Dentist Dr. LaShunda Thompson Roberts says it's important for patients to ask their dentist about the health of their gums as well as the teeth. "Healthy gums are maintained with daily flossing to prevent the buildup of plaque and bacteria between the teeth, so asking their dentist to show them how to floss effectively and properly is great," she tells SheKnows.
What is your specialty?
Not all dentist specialize in the same areas of oral health.
"It is important to understand all of the services that your particular dentist can provide you with," Dr. Jason Popper, a dentist, tells SheKnows. For example, he notes that if you see a dentist who specializes in periodontics, you will know that they will take extra steps to ensure that you have good gum health.
Are you board-certified in your specialty?
Additionally, Popper says it's always a good idea to check out the certifications and qualifications of all medical professionals, including your dental providers. He explains that board certification is the process by which dentists, physicians or other health care practitioners show their mastery of the basic knowledge and skills that define an area of dental or medical specialization.
"Seeing a provider who is board certified is almost like a little extra assurance that your doc is top-notch," he says.
How often do you perform the specific procedure I'm here for?
Your dentist will help you understand their level of experience, which in turn helps you feel more comfortable, Popper says.
What type of X-rays do you use?
X-rays are a common tool used in standard dental care and are used to check on the health of your bones, teeth and any prior dental work you already have.
"The dentists on the forefront of technology may be able to take digital X-rays, which are faster and far less intrusive that those pesky bite-trays we may remember from years back," Popper notes.
How long will each filling option last?
Not all dental fillings are the same, dentist Dr. Joseph Newell tells SheKnows. "Patients often don't know that some fillings last five years, while others should last the patient's lifetime," he explains. Knowing this info in advance can help you choose the next course of action and will keep you up-to-date on your own dental care.
Why am I snoring all the time?
It may seem odd to bring up snoring at a dental visit, but Dr. Paul Sussman, a dentist at the Center for Cosmetic Dentistry, tells SheKnows that if the people around you say you snore, your dentist can help identify sleep apnea.
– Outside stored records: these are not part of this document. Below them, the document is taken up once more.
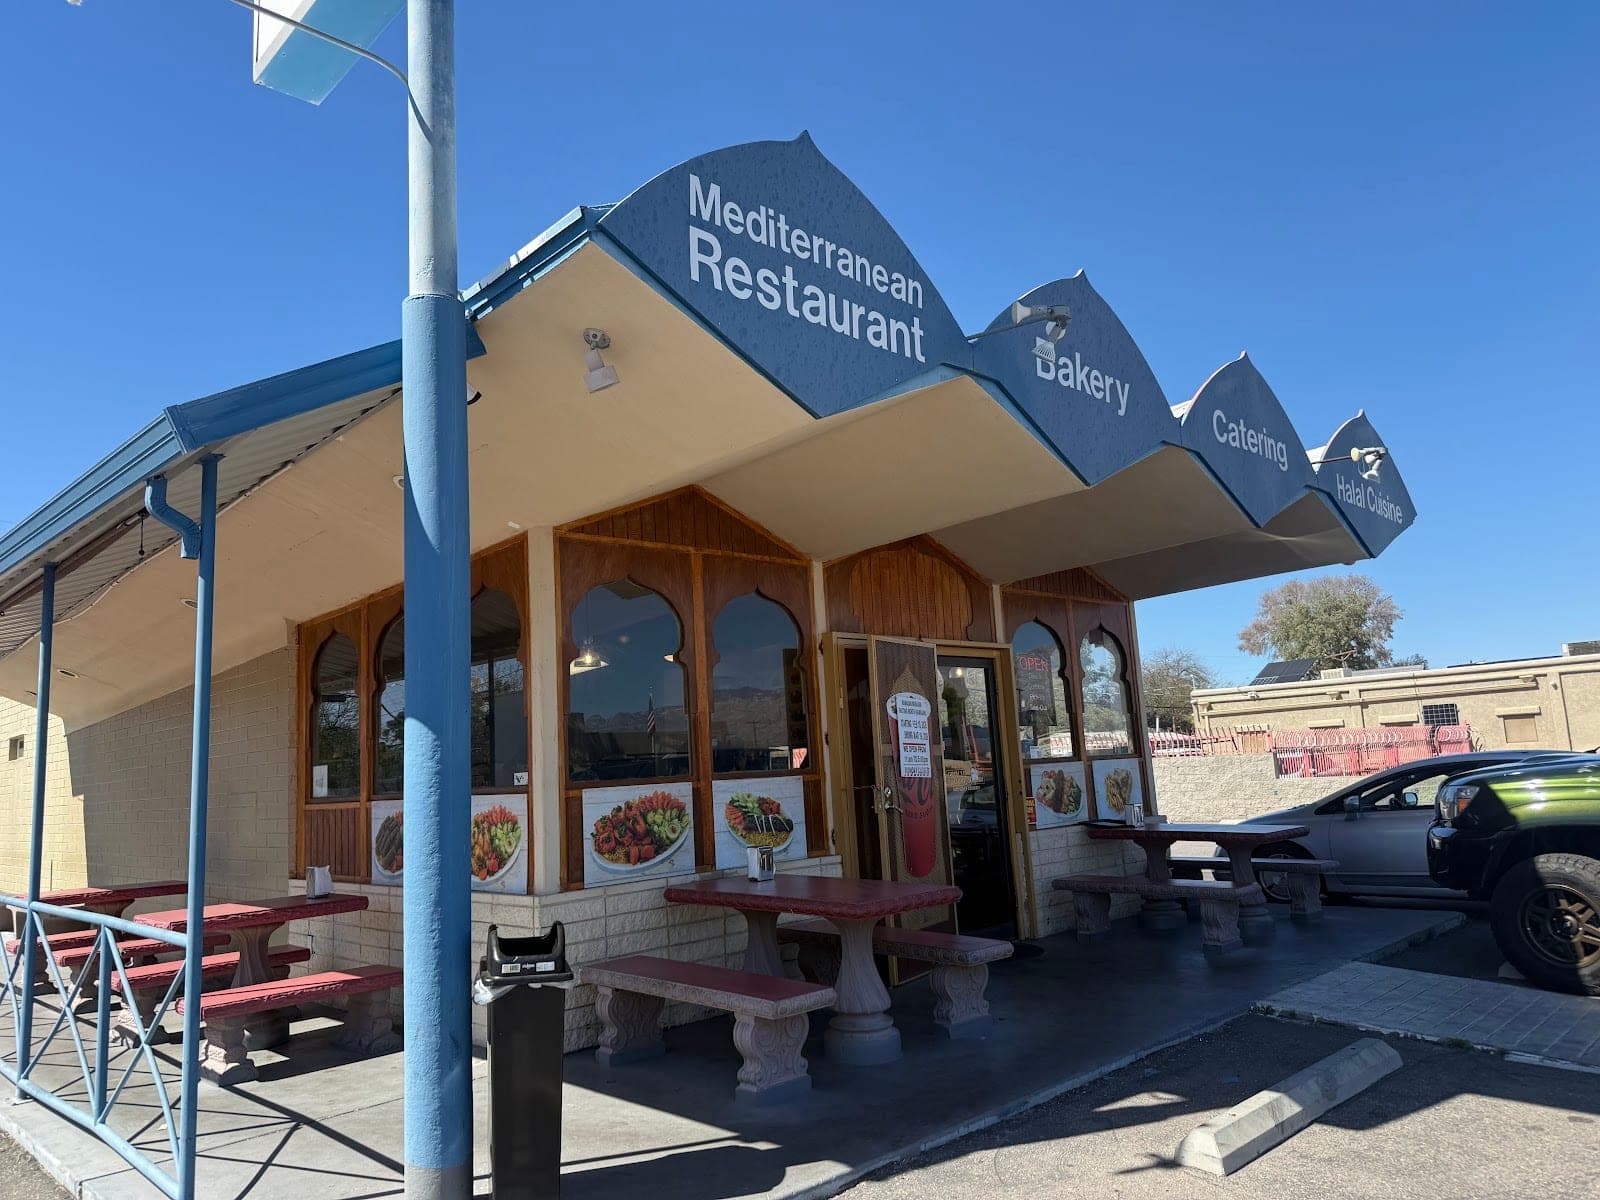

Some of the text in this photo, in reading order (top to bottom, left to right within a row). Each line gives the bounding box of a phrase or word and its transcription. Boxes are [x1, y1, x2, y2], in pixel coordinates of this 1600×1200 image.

[689, 173, 923, 308] Mediterranean
[689, 225, 926, 363] Restaurant
[1213, 409, 1288, 471] Catering
[1336, 473, 1403, 524] Halal Cuisine
[1019, 656, 1049, 672] OPEN
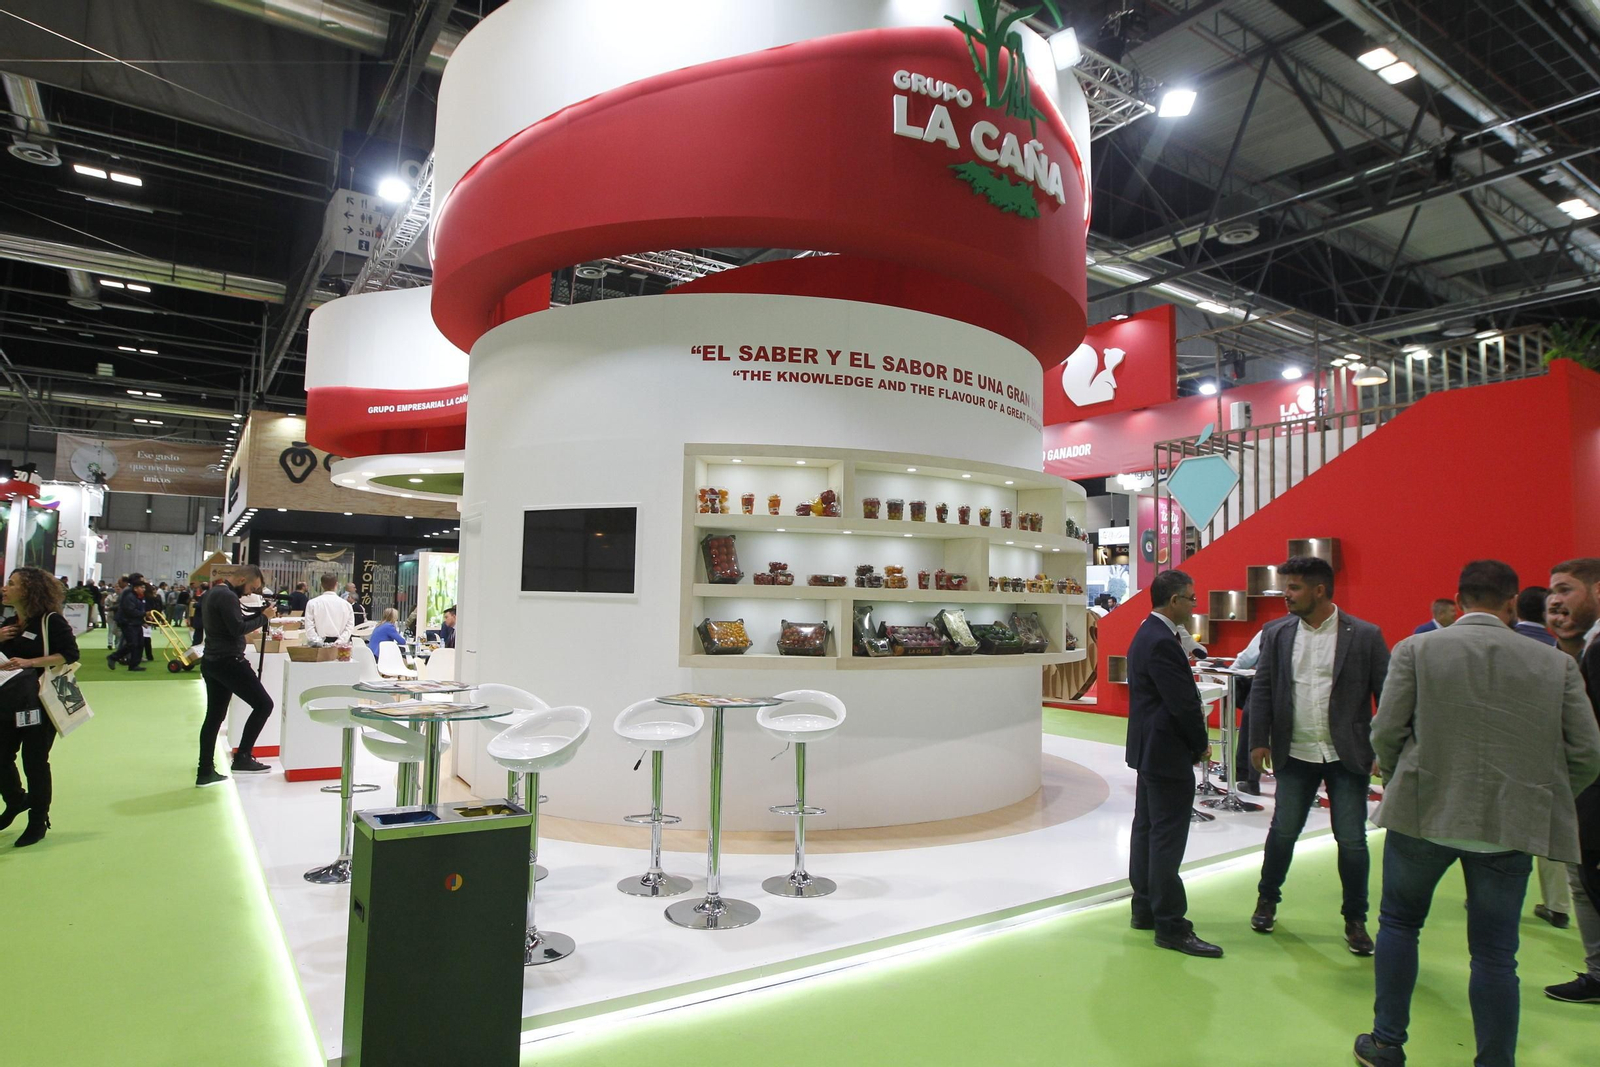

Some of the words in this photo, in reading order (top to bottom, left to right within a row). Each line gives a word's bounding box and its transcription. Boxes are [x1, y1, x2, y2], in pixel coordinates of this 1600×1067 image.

[893, 69, 973, 108] GRUPO
[893, 94, 960, 149] LA
[970, 120, 1066, 204] CAÑA
[359, 228, 377, 238] Sal
[738, 345, 819, 365] SABER
[826, 349, 842, 366] Y
[849, 351, 876, 370] EL
[882, 355, 948, 381] SABOR
[953, 367, 974, 386] DE
[977, 374, 1004, 396] UNA
[1006, 384, 1030, 408] GRAN
[777, 371, 874, 388] KNOWLEDGE
[878, 379, 907, 392] AND
[910, 383, 935, 397] THE
[938, 388, 985, 407] FLAVOUR
[988, 399, 998, 411] OF
[999, 403, 1005, 414] A
[1006, 406, 1026, 422] GREAT
[367, 405, 395, 414] GRUPO
[396, 400, 445, 412] EMPRESARIAL
[446, 398, 454, 406] LA
[1280, 402, 1300, 417] LA
[137, 450, 154, 459] Ese
[155, 453, 180, 462] gusto
[1047, 443, 1092, 461] GANADOR
[129, 462, 147, 472] que
[164, 464, 187, 473] hace
[143, 474, 171, 484] únicos
[56, 537, 75, 549] cia
"If you're diagnosed with sleep apnea — a process that generally involves meeting with outside doctors, such as a sleep specialist — your dentist may be able to fabricate a custom oral appliance to help keep your airway clear, reducing the negative effects of apnea," he explains.
Will I be facing any major work down the road?
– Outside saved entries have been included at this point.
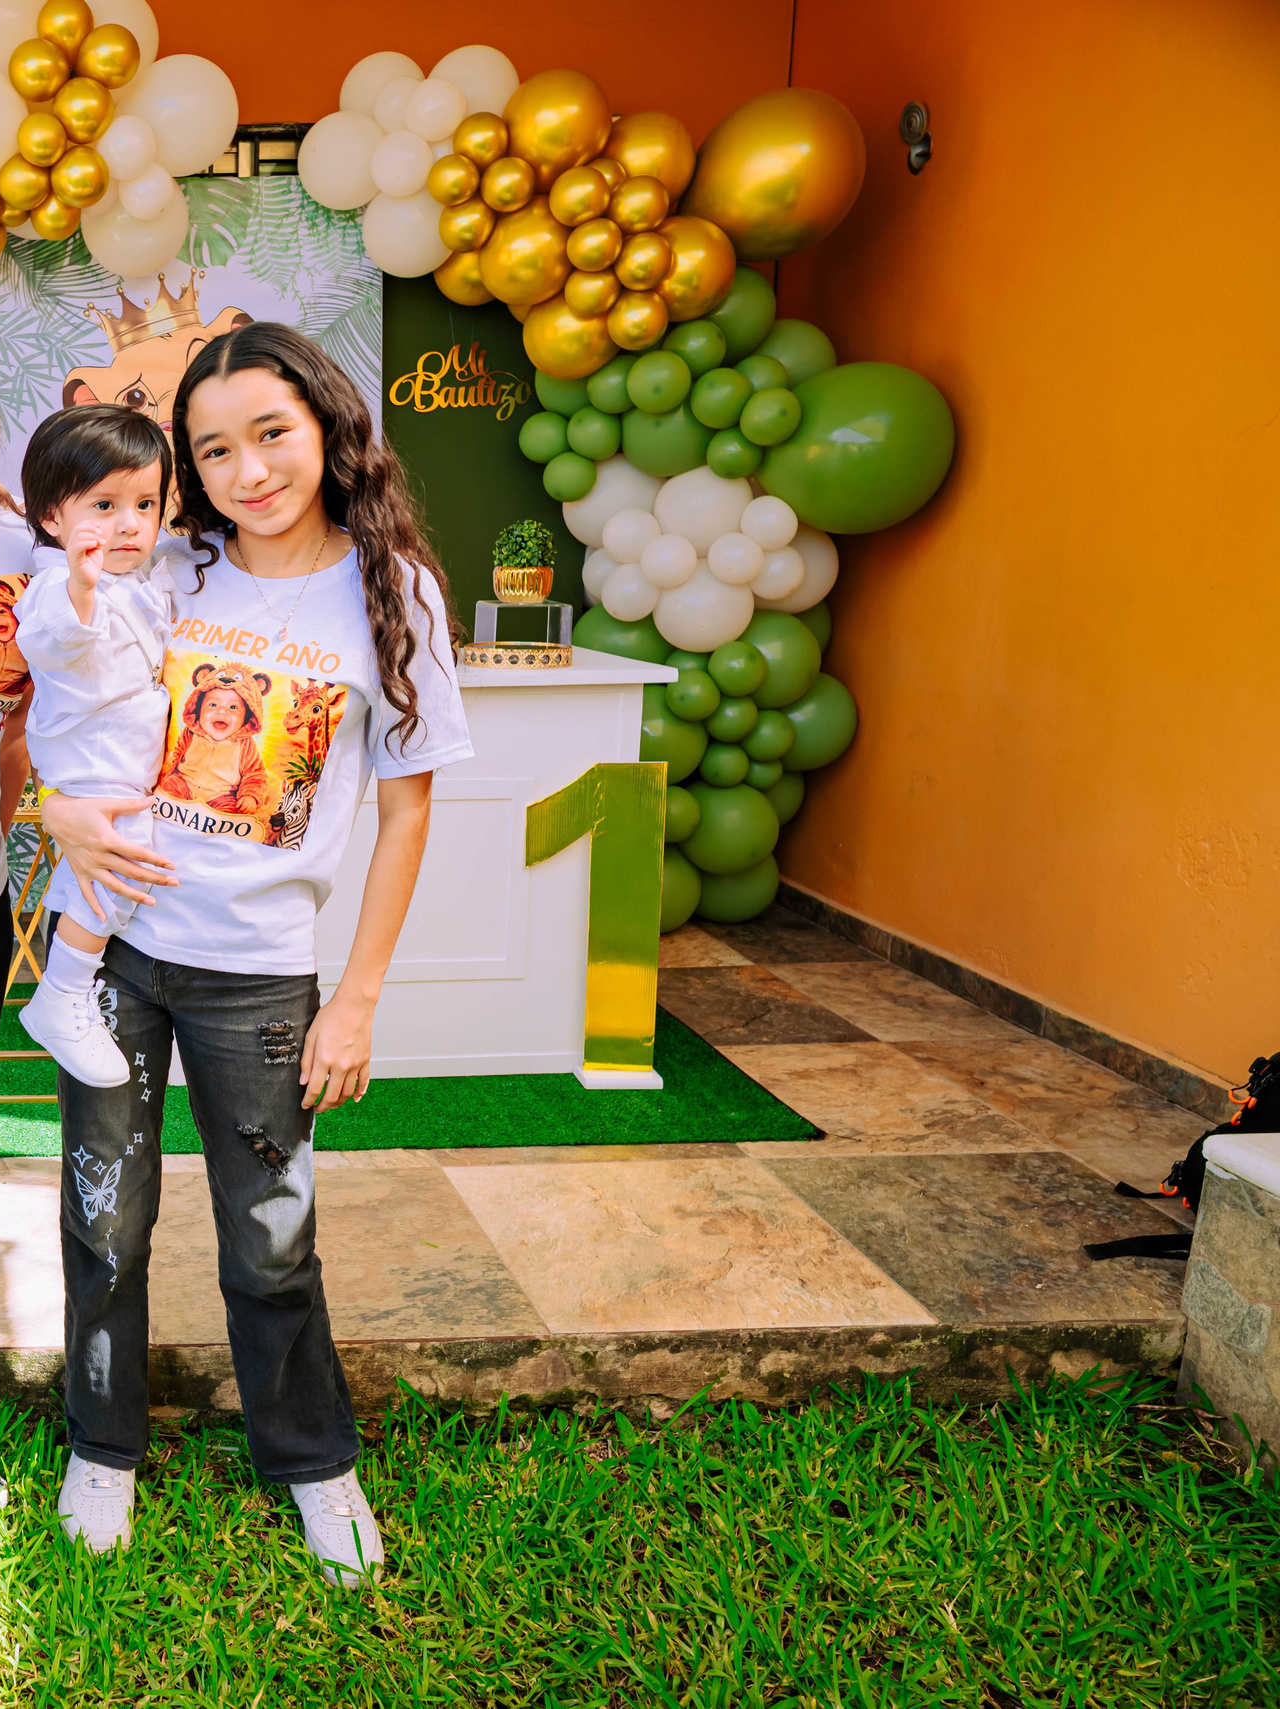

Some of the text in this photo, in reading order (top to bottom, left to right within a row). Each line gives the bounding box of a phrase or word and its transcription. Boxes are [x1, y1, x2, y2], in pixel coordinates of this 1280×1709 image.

[417, 341, 490, 382] Mi
[389, 371, 532, 421] Bautizo
[172, 617, 341, 674] PRIMER AÑO
[151, 797, 252, 837] EONARDO
[524, 761, 668, 1071] 1
Dentist Dr. Richard Wolfert recommends people nearing retirement ask their dentist about
possible major work down the road. For example, fillings that may eventually need caps, or any other work that could use the benefit of a work insurance policy.
How do my wisdom teeth look?
If you have wisdom teeth, it's natural to wonder if there are any problems lurking. Wolfert recommends making an inquiry about them — even if you aren't currently having an issue.
"The thought process is the dentist can make an assessment about the position of the wisdom teeth and prognosticate as to whether or not they could become an issue between appointments," he explains.
Should I have a root canal to try to save my infected tooth or a dental implant to replace the tooth?
Dentist Dr. Peter V. Vanstrom tells SheKnows that both root canals and dental implants have reasonably high success rates. "If you can save your own tooth, then do so. If the tooth is not salvageable, then a dental implant is a great option," he notes.
Dentist visits aren't always a favorite, no matter how old you are. But coming armed with a few pertinent questions will help you better understand your oral health and can help you feel more comfortable too — after all, your dentist is a partner in your general wellness and health care.